Despite the availability of used clothing reuse depots and for-profit thrift shops like Value Village, less than 24% of Canadians donate their used clothing. Instead they are more apt to throw them out with their regular garbage, even though 98% of textiles are completely recyclable, regardless of condition.
At TWD, we get it. Despite best intentions, Canadians busy people, and making even just one extra trip to a donation depot may not be feasible in our ‘every minute counts’ lifestyle. Knowing that many thrift stores are for-profit despite their affordable pricing, some residents are even less inclined to make the extra trip.

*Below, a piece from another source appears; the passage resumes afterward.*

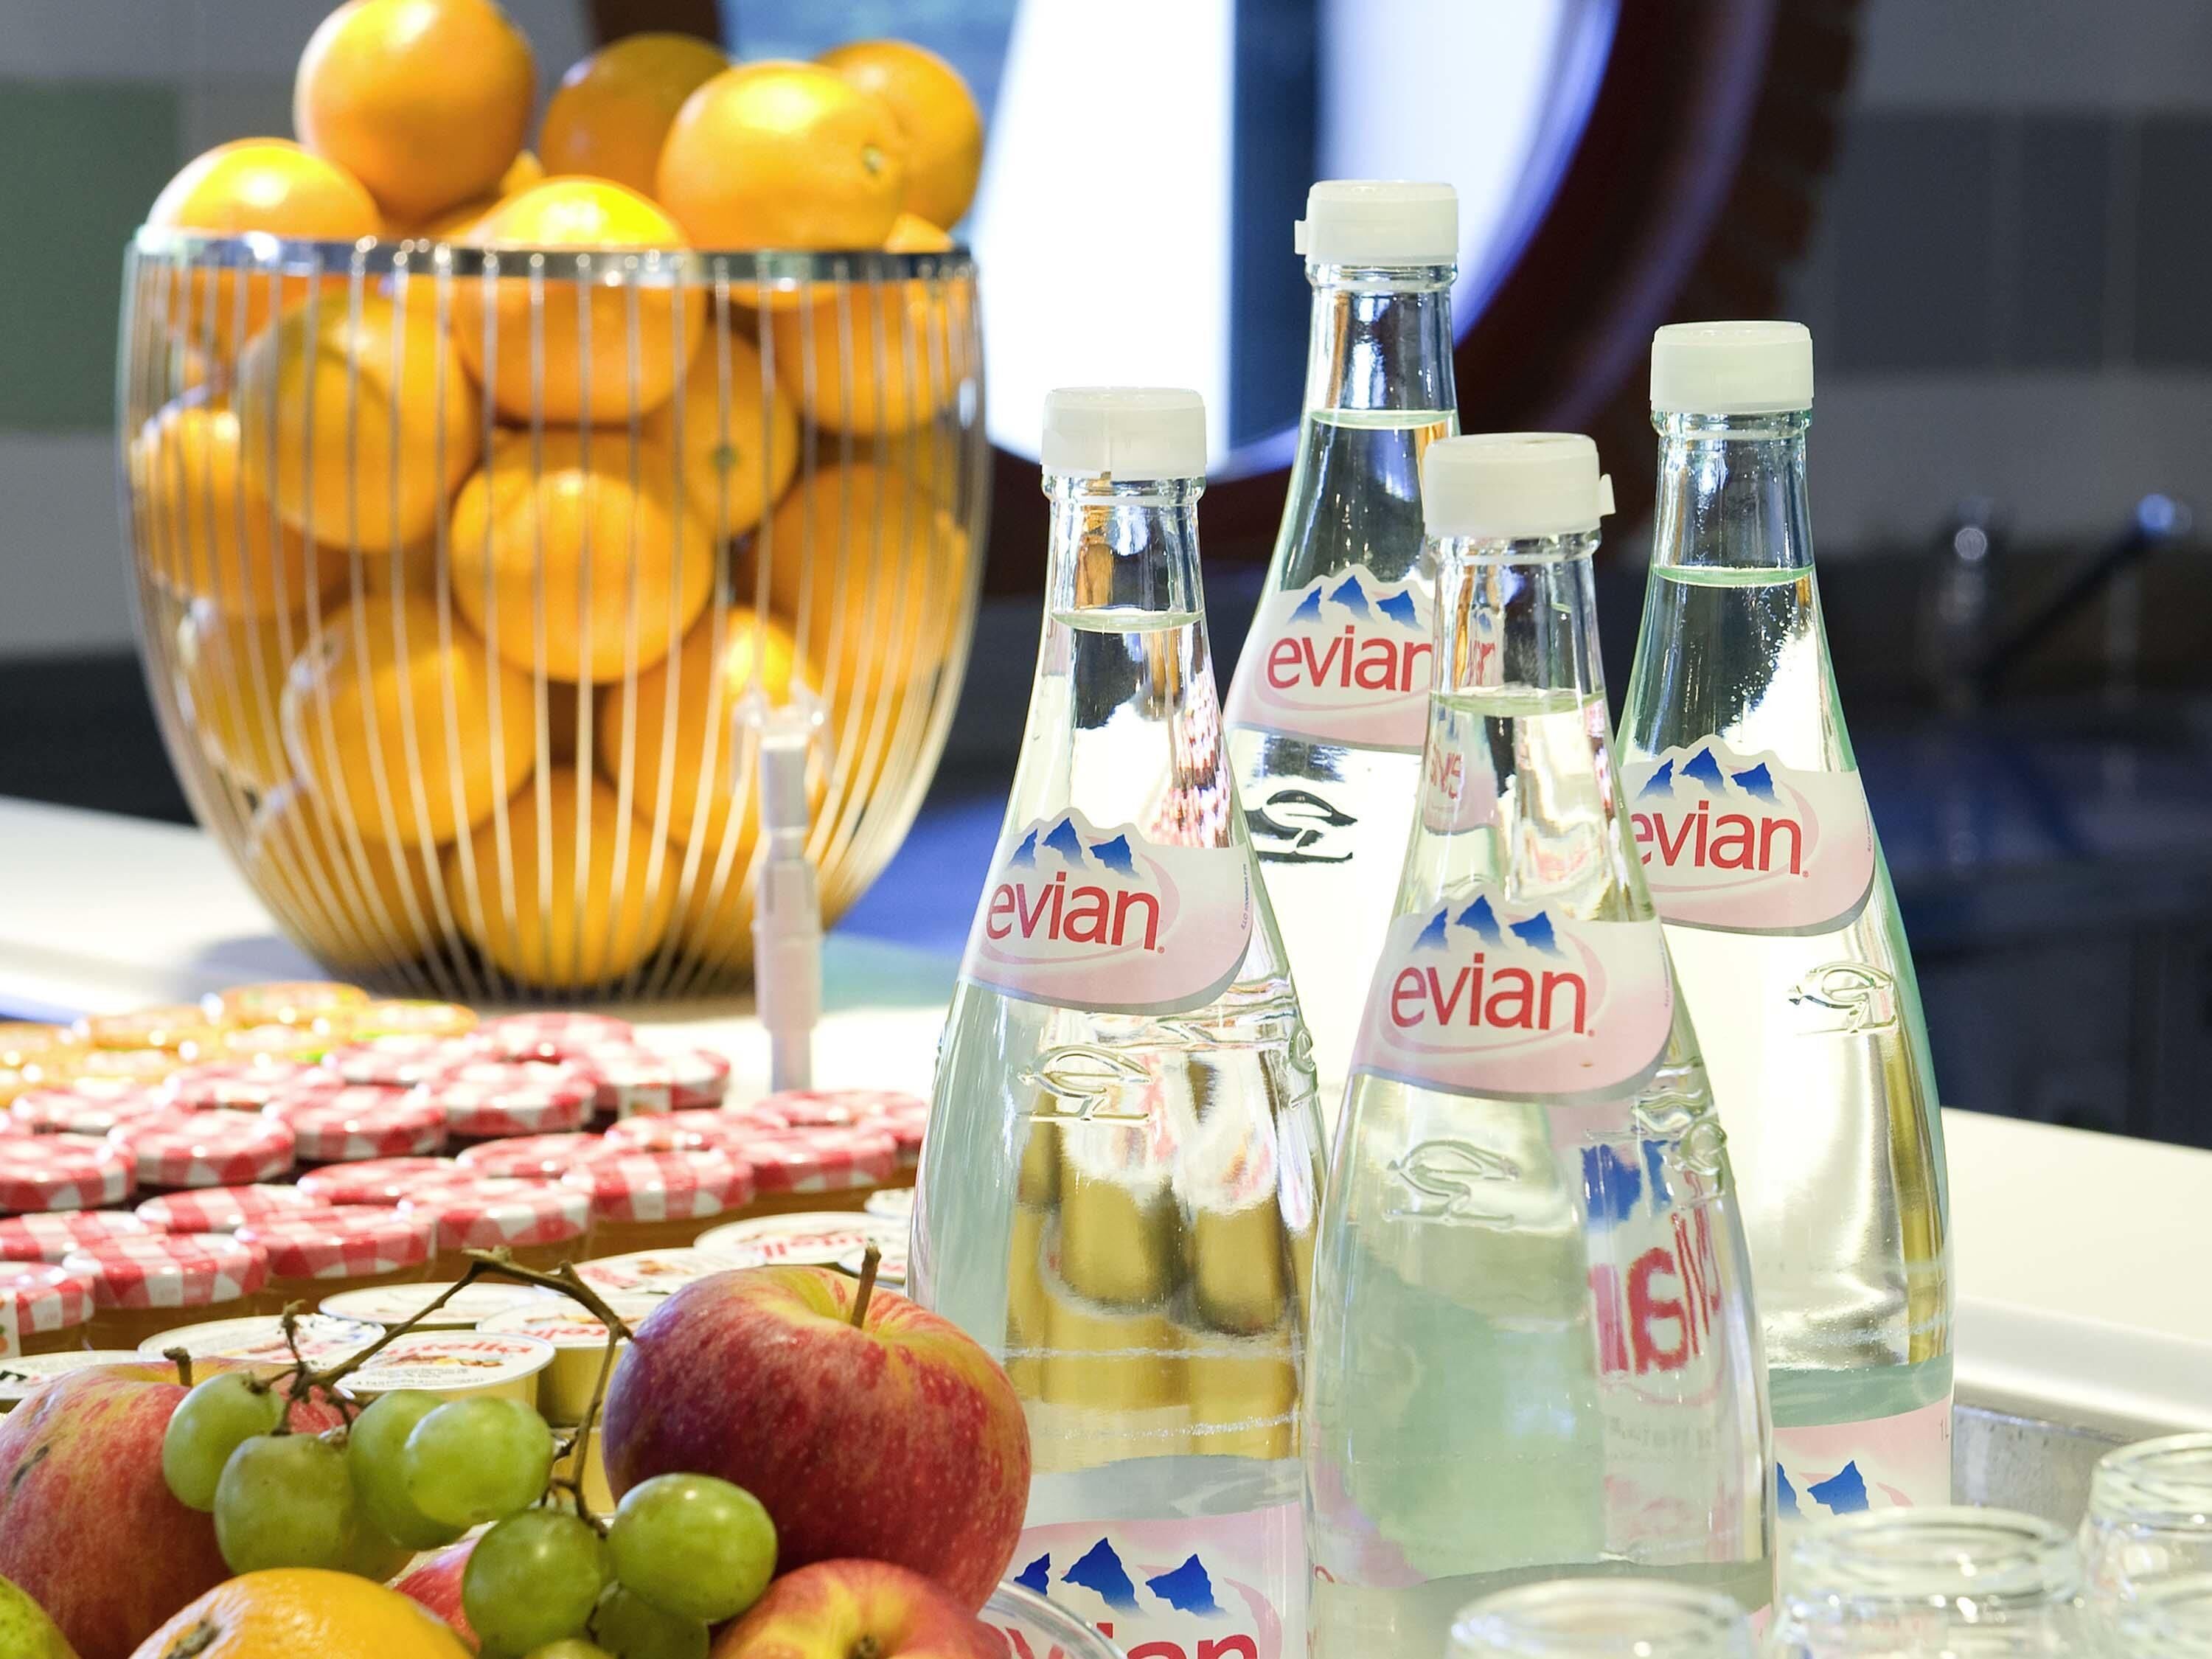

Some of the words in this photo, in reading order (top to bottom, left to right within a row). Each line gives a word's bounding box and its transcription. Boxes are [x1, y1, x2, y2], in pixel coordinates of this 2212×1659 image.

TWD decided instead, to make donating textile waste easy and convenient thing for Ontario residents. We collect exclusively on behalf of registered charities, offering expertise and logistics that can help them maximize their sustainable fundraising potential.
We provide Ontario municipalities with free used clothing donation bins that are hosted by businesses and property managers in areas residents are likely to go anyway. With TWD’s clothing donation bin system, you could toss a few bags of used clothes in your car, drive to your local grocery store or mall, and find a bin. Our bins painted bright green so they are easy to spot, and are placed where they are easily accessible. You can literally drive up, toss your bags of used clothes into in a bin, and carry on with your errands without making an extra trip.

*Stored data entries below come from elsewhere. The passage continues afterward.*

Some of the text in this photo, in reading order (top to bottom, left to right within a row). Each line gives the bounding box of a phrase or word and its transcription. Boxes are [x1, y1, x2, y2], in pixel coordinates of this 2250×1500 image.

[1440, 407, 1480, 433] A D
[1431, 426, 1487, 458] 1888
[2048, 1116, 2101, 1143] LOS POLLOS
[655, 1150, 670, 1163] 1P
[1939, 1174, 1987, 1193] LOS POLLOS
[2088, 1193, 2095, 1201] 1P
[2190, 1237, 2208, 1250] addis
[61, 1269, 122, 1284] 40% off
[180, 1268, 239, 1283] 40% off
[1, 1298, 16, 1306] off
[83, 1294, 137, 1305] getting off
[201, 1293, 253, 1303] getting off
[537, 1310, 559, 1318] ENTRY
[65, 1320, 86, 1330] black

Willa Wick of The Rural Route magazine recently wrote about TWD, “This initiative is a community building block towards a green future, which supports area charities.” Check out her full article, which provides a great description of our clothing recycling program.
So, how much good can a few bins in your municipality do? Let’s do the math.
A well placed bin can average about 600lbs of clothing donations a day. So, lets say you have 11 bins in your community.
600 lbs x 11 bins = 6,600 pounds per day diverted from the local landfill.
6,600 per day x 365 days a year = 2,409,000 pounds diverted from your local landfill each year.
That’s almost 2 tons, from just one small area!
Additionally, when textiles are reused instead of made from raw materials, it saves 717 litres of water. 717 litres x 2,409,000 = so many litres of water saved that our calculator couldn’t handle it!
Every tonne of discarded textiles that is reused saves 20 tonnes of CO2 from entering the atmosphere.
Also consider, every 1000 tonnes of used textiles collected creates seven full time and fifteen indirect jobs. When we send it to landfill, it only creates 2 jobs.
Knowing that after all this, charities benefit from proceeds, just makes it all the more wonderful an option!
Clothing Donation Tips:
Ensure donations are dry and bagged to preserve their integrity.
Research who you are donating to. Call the number and visit their website. Do they do the kind of community work you believe in? Bins that offer little to no information may belong to industry pirates that use your donations for their personal gain.
If you see a bin is full or area around is messy, call the service number on the bin and leave a very detailed message. You may just help the charity avoid being fined or losing the location! Reputable organizations will ensure that bins are meticulously maintained and service calls will be responded to promptly.
If you see someone acting suspicious or tampering with a bin, call your local police service.
- To find out if the organization that owns the bin is actually a registered charity, look them up at Revenue Canada’s Charity Listing.